The exclusion of white students from certain scholarships has led to calls for the abolition of what critics describe as “racially discriminatory” initiatives. White working-class students are now among the most underrepresented groups in higher education.
Prominent institutions such as Imperial College London and University College London offer scholarship programs that exclude white students. For example, Imperial provides full tuition coverage for black students in STEM and business courses despite white students accounting for 42 percent of their student body.

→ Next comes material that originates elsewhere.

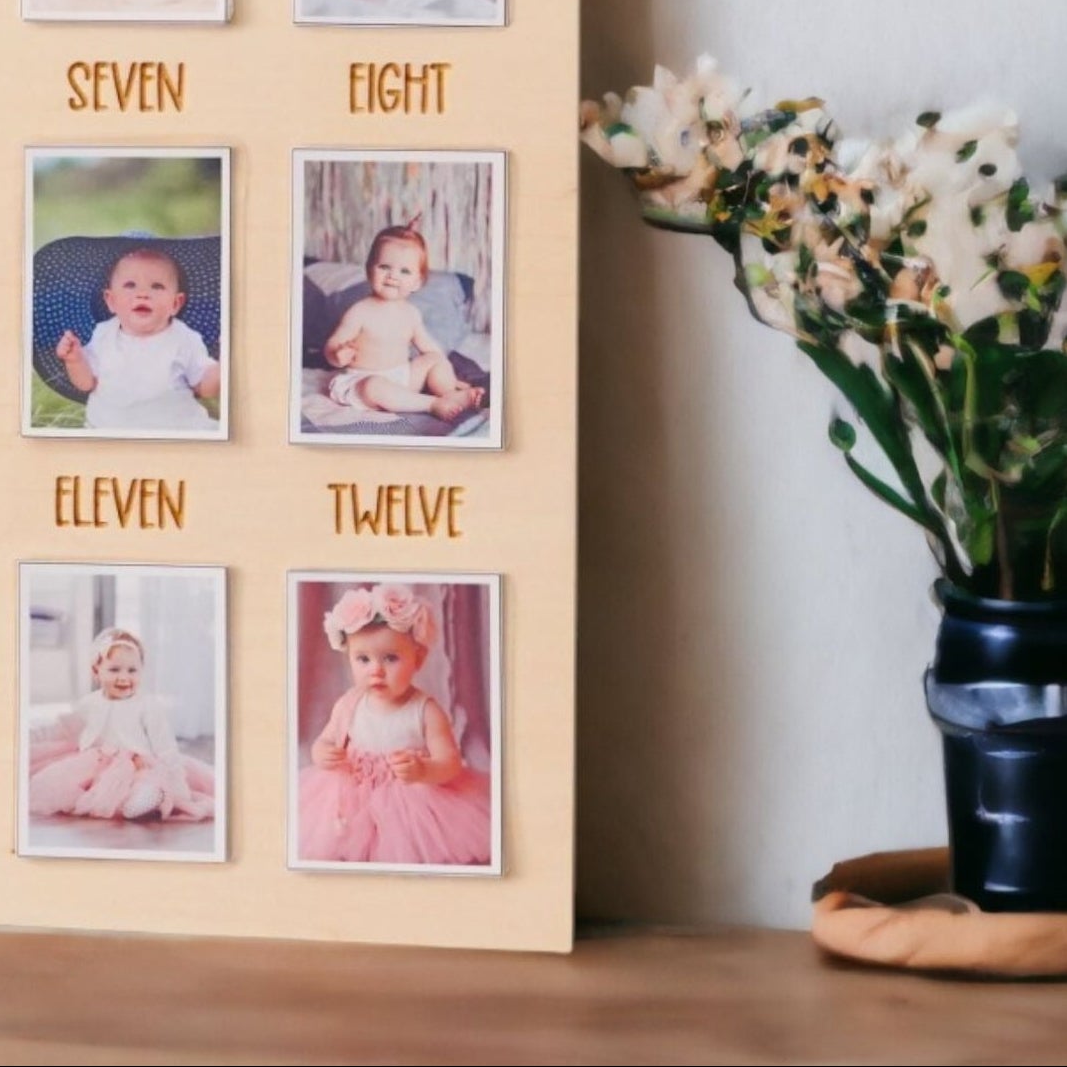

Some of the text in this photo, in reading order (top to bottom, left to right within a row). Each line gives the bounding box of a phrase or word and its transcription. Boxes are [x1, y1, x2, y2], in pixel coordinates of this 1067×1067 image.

Critics argue these policies are divisive and fail to address the socio-economic challenges faced by white working-class students.
The trend is exacerbated by the fact that white students are underrepresented at over half of UK universities.
“There is no reason to maintain BAME scholarships, which represent racial discrimination, pure and simple,” said Eric Kaufmann of the University of Buckingham.
Alka Sehgal Cuthbert, director of the Don’t Divide Us campaign, added: “It is divisive and encourages a culture of grievance and victimhood, which ultimately benefits no one other than the leaders, managers, and trainers who monitor, enforce, and promote this degrading ideology.”
On June 24, Reform UK party leader Nigel Farage warned that “White kids are being lectured… they’re made to feel frankly like lesser beings” in schools and universities, and vowed to end state-sponsored discrimination against them.
The number of universities where white students form a minority has more than doubled since 2014-15, when they were the minority at just 13 institutions.